O avanço da variante Delta e a desaceleração da China reduziram o otimismo dos economistas em relação à recuperação da atividade global neste ano. Enquanto a nova cepa da covid-19 leva a China a fechar cidades, parte da população nos Estados Unidos adota medidas de distanciamento social por conta própria, freando a retomada. Para completar, o governo chinês vem retirando estímulos econômicos – o que respinga por aqui, dado que os preços das commodities, como o minério de ferro, acabam recuando.
Por enquanto, o Fundo Monetário Internacional (FMI) prevê um crescimento de 6% para a economia global em 2021 – após uma retração de 3,3% no ano passado. Economistas, porém, afirmam que pode haver uma redução na estimativa para este ano. “Pelo que estamos vendo nos EUA e na China, o PIB global pode caminhar para algo entre 5% e 5,5%”, diz o economista-chefe da MB Associados, Sergio Vale.
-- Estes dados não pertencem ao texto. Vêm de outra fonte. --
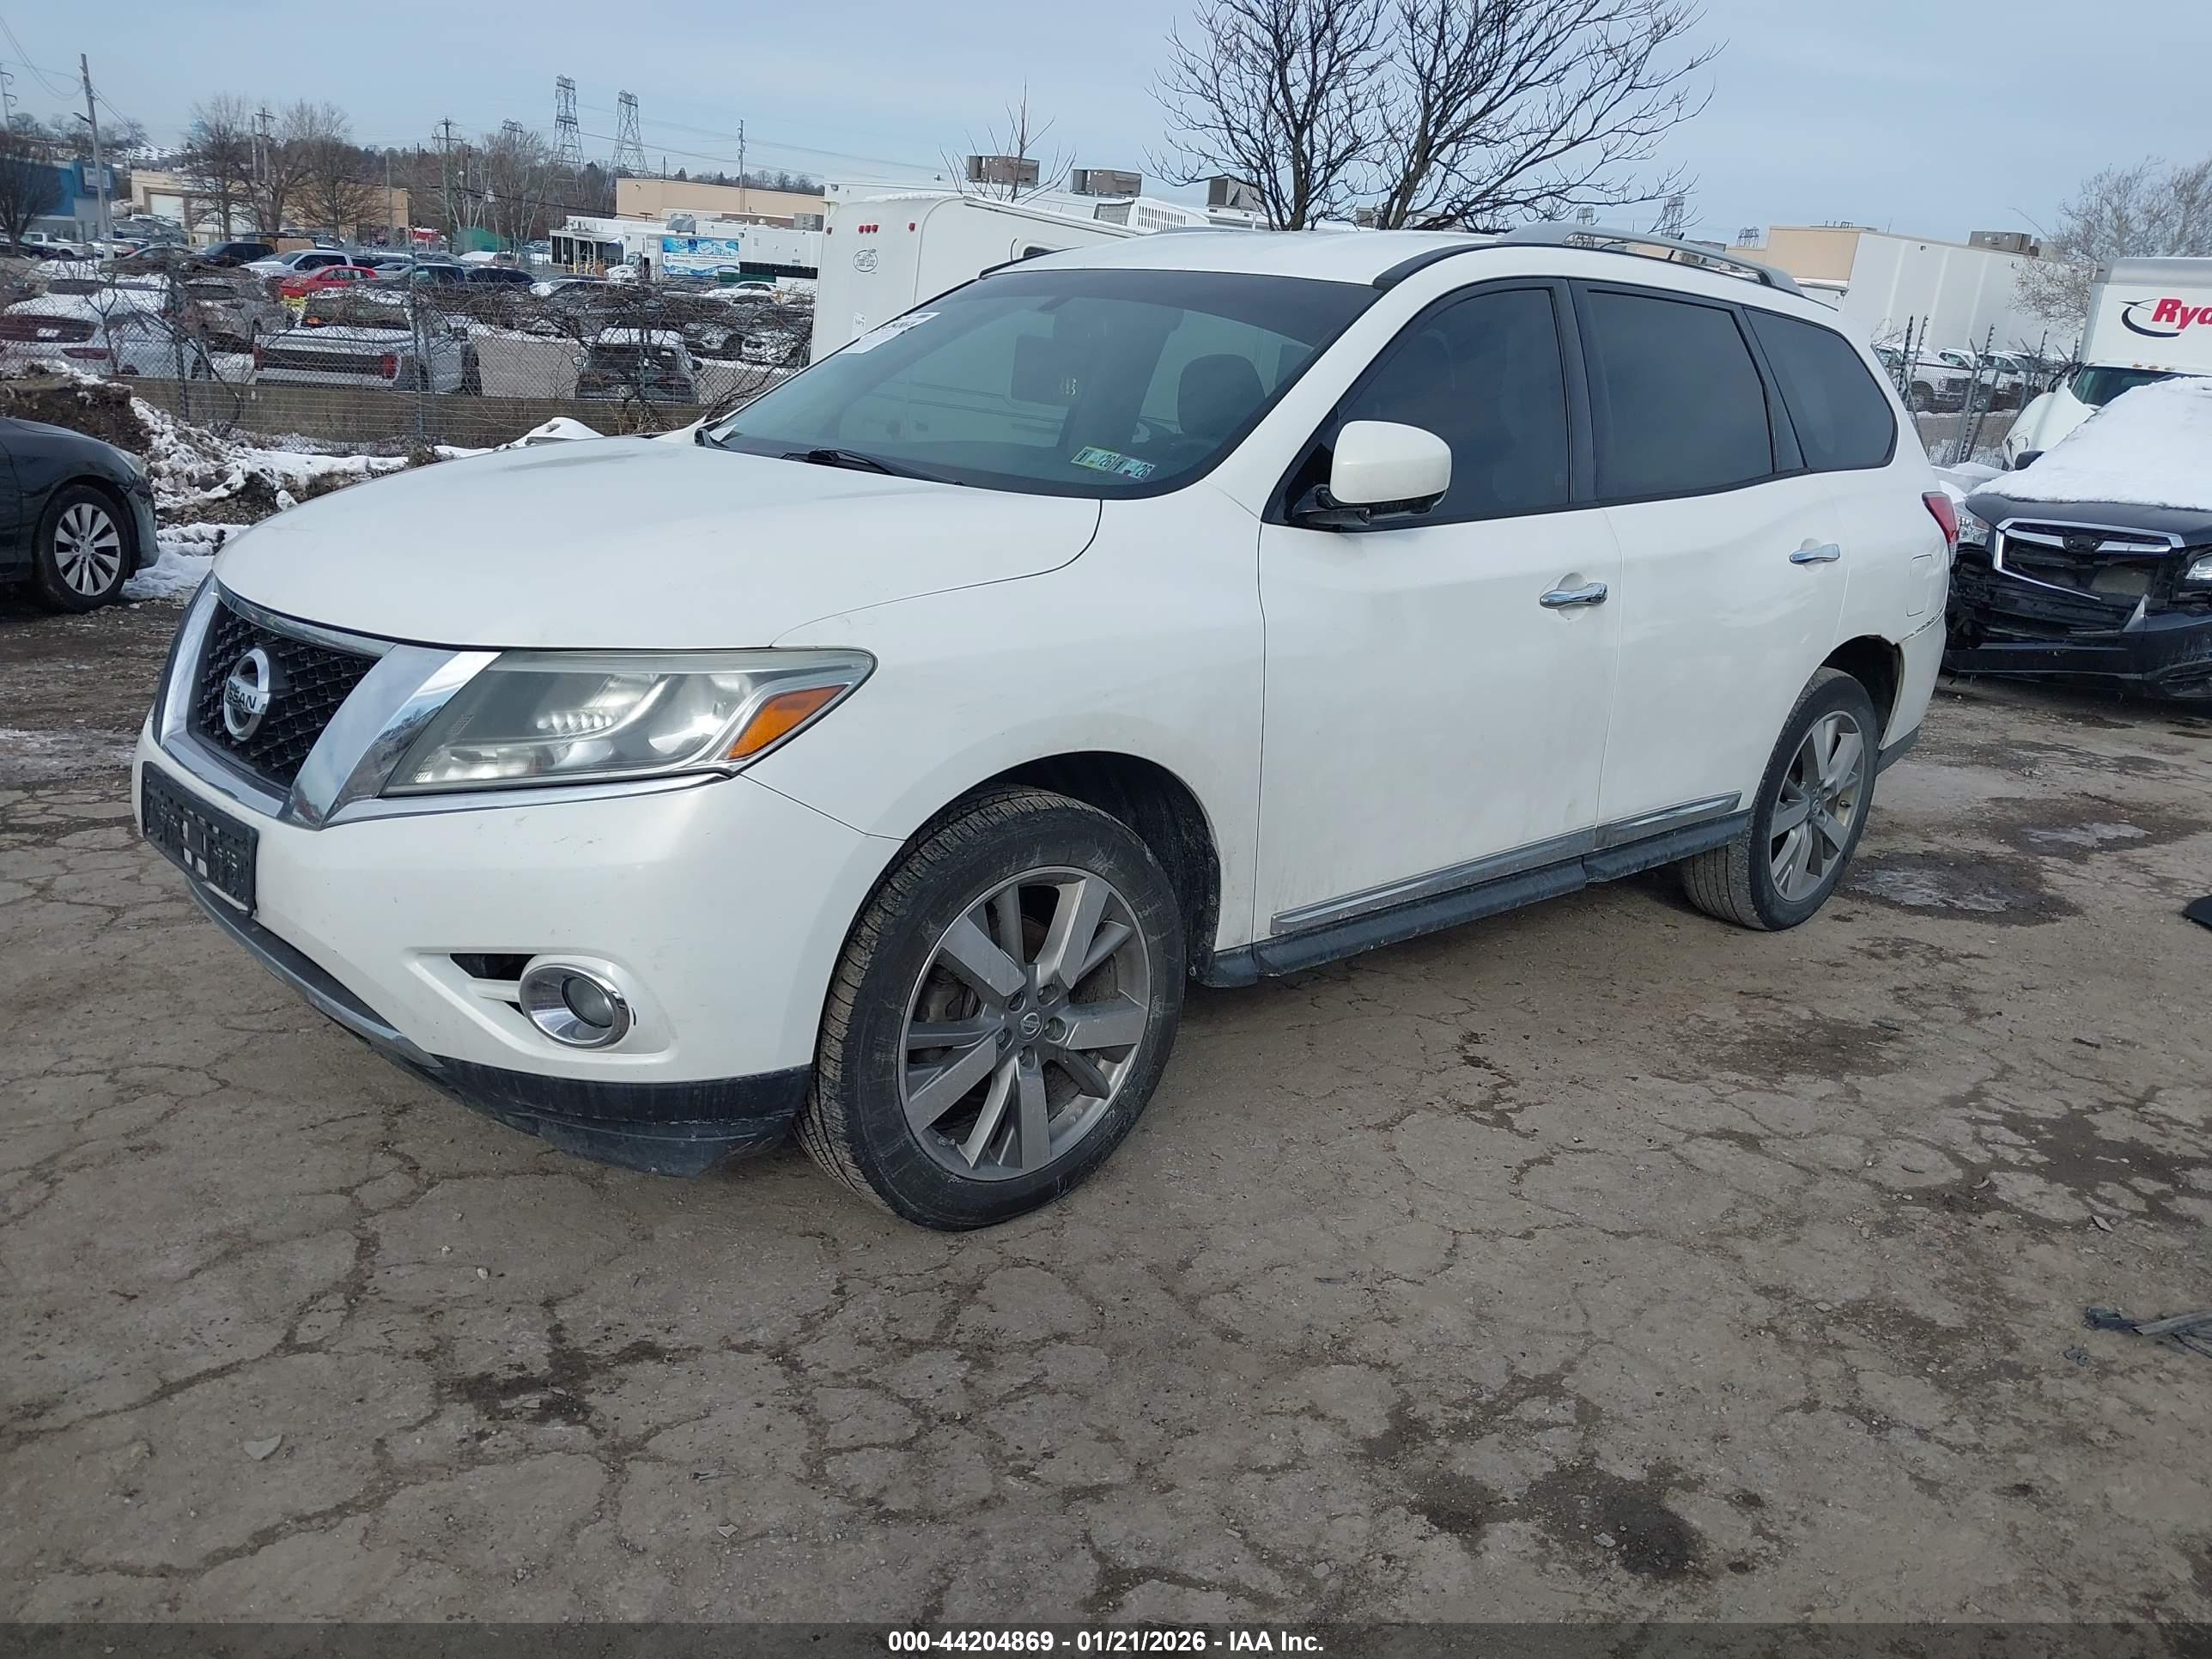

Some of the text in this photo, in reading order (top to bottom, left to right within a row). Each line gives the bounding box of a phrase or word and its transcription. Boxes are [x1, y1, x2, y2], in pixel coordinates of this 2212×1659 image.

[1098, 454, 1116, 468] 26
[1135, 464, 1152, 477] 26
[226, 688, 257, 709] SSAN
O estrategista global da XP, Alberto Bernal, destaca que o efeito da variante Delta na economia americana está sendo mais forte do que se esperava. Um dos indicativos, segundo ele, é a queda de 1,1% nas vendas do varejo em julho. “As pessoas estão vendo nos noticiários que os casos de covid estão subindo e estão ficando mais cautelosas. Elas estão indo menos a shoppings, por exemplo”, diz Bernal, que vive em Nova York. Na terça-feira, pela primeira vez desde março, os EUA registraram mais de mil mortes por covid em um único dia.
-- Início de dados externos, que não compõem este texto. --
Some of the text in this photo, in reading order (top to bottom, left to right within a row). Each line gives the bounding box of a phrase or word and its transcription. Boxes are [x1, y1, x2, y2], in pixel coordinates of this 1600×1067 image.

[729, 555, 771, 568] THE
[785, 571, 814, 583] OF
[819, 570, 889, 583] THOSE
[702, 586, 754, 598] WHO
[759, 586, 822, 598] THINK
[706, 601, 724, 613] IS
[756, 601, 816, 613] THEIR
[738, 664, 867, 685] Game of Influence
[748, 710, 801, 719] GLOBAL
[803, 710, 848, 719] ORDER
Bernal destaca que a Delta é, hoje, o maior risco para a economia global, ainda que, em um primeiro momento, pareça que há muita preocupação com a retirada de estímulos monetários por parte do Federal Reserve (o banco central americano). “O maior risco é a covid. Se o vírus se torna mais agressivo, o mundo pode voltar ao processo de maio de 2020.”
Na China, a variante também causa impactos. Apesar de o número de casos ser relativamente baixo, o país adotou uma postura de tolerância zero em relação ao vírus, e cidades como Zhouzhou anunciaram lockdowns temporários. Na semana passada, o porto de Ningbo-Zhoushan fechou um de seus terminais para tentar controlar o contágio.
Para o estrategista-chefe do BTG Pactual, João Scandiuzzi, a China traz mais inquietação ainda devido à retirada de estímulos econômicos desde janeiro. “Na virada do ano, o governo passou a apertar o crescimento do crédito. Esse controle veio com algum custo, e a recuperação no consumo ficou incompleta. Por isso, está havendo uma desaceleração importante.” Os dados da economia chinesa de julho já refletem essa realidade. As vendas do varejo, que haviam crescido 12,1% em junho, avançaram 8,5% no mês passado – o esperado era 10,9%. No caso da produção industrial, a alta havia sido de 8,3% em junho, a estimativa era que chegaria a 7,9% em julho, mas o observado ficou em 6,4%. O investimento acumulado em 12 meses também ficou aquém do esperado. Cresceu 10,3% em julho, quando as projeções indicavam alta de 11,3%.
O economista-chefe da Wealth High Governance (WHG), Fernando Fenolio, lembra também que a China vai sediar os Jogos Olímpicos de Inverno em fevereiro do ano que vem, o que pode levar o país a ser ainda mais cauteloso em relação à covid. “A economia lá pode ficar se arrastando.”
Brasil
A desaceleração da China deve causar prejuízos ao Brasil sobretudo porque pode derrubar o preço das commodities. Ontem, o mercado já observou recuo nos preços do petróleo e do minério de ferro. “Um freio no crescimento da China sempre é relevante para o Brasil. O País perde em termos de troca e na balança comercial”, diz Fenolio.
O superintendente de pesquisa econômica do Itaú Unibanco, Fernando Gonçalves, destaca que a variante Delta pode interferir na economia brasileira ao interromper a logística internacional e reduzir ainda mais a oferta de insumos. Desde o começo do ano, por exemplo, a falta de componentes no mercado global tem paralisado o setor automotivo. “Apesar de a demanda por carros existir, a produção não sobe por falta de peças. Isso está atrapalhando a retomada.”